The BOK has underscored the need for further progress on inflation to build confidence that it is moving towards the central bank's 2 per cent target before considering a reduction in borrowing costs. However, departing board member Suh Young-kyung, known for her hawkish stance on inflation, suggested on Mar 26 that it might be time to "normalise" interest rates.
The consumer price index (CPI) registered a 3.1 per cent increase in March year-on-year, maintaining the same pace as February after three months of moderation. This trend suggests that it is still premature for the BOK to contemplate easing. Exports continued to rise for the sixth consecutive month, primarily driven by robust sales of chips, further reinforcing the rationale for the BOK to maintain high interest rates.
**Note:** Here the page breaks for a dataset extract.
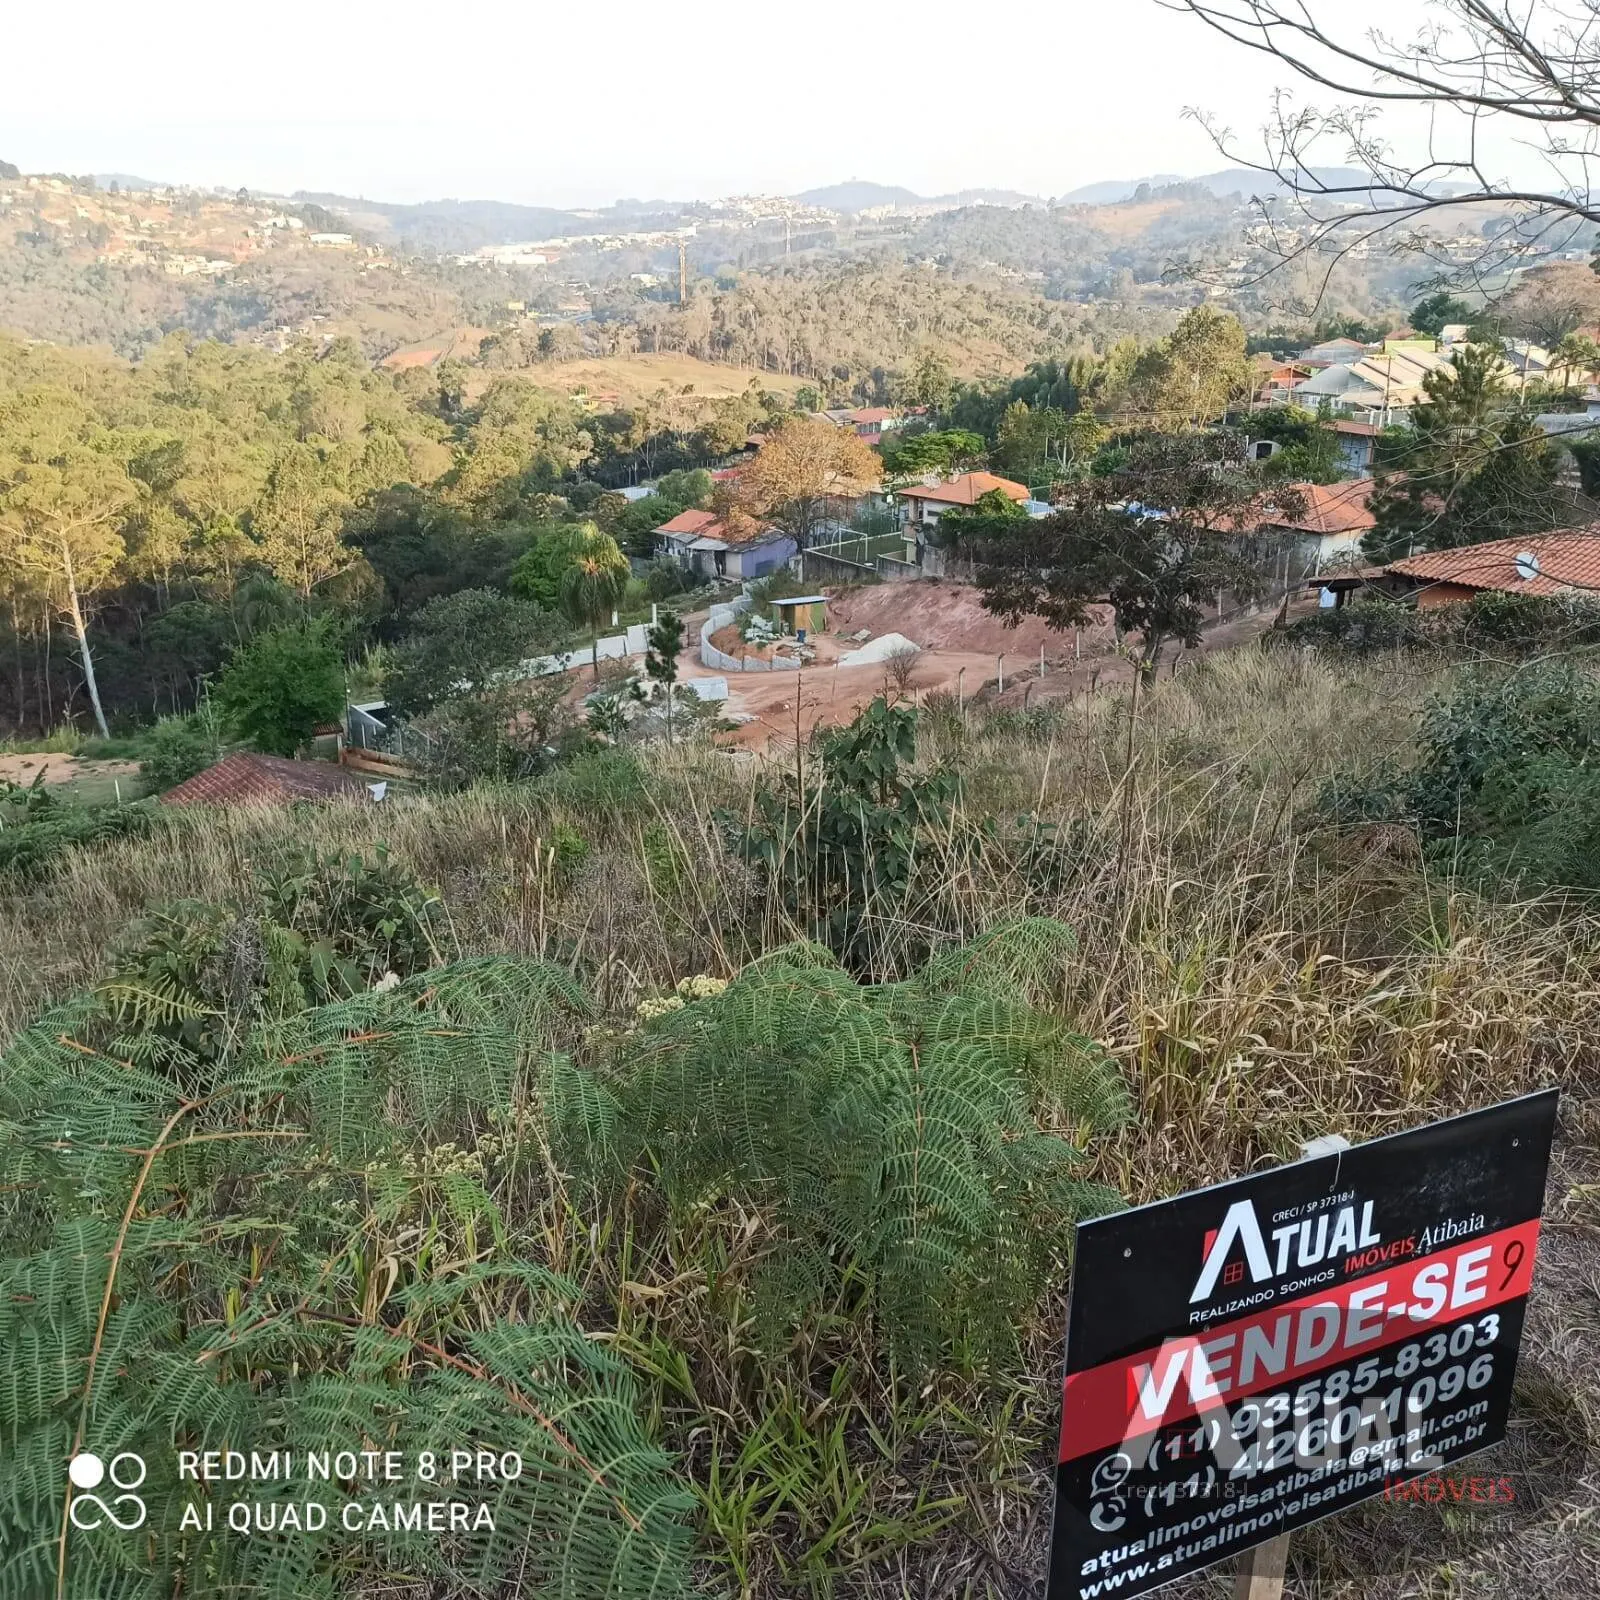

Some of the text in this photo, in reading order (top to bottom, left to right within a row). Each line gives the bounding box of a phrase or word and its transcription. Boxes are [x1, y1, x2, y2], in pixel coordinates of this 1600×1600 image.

"Rising exports and stabilising consumer sentiment have provided policymakers with room to adopt a wait-and-see approach. Additionally, the risks associated with the potential delay in the Fed's easing cycle imply that the BOK is likely to exercise patience," explained Kim Jin-wook, an economist at Citigroup.
Analysts anticipate that the BOK will implement a 25 basis-point reduction in both the third and fourth quarters, lowering the benchmark rate to 3.00 per cent by the end of this year from its current 3.50 per cent. Investors are keenly observing the selection of replacements for two departing voting board members, Cho Yoon-Je and Suh, whose four-year terms are set to conclude on Apr 20.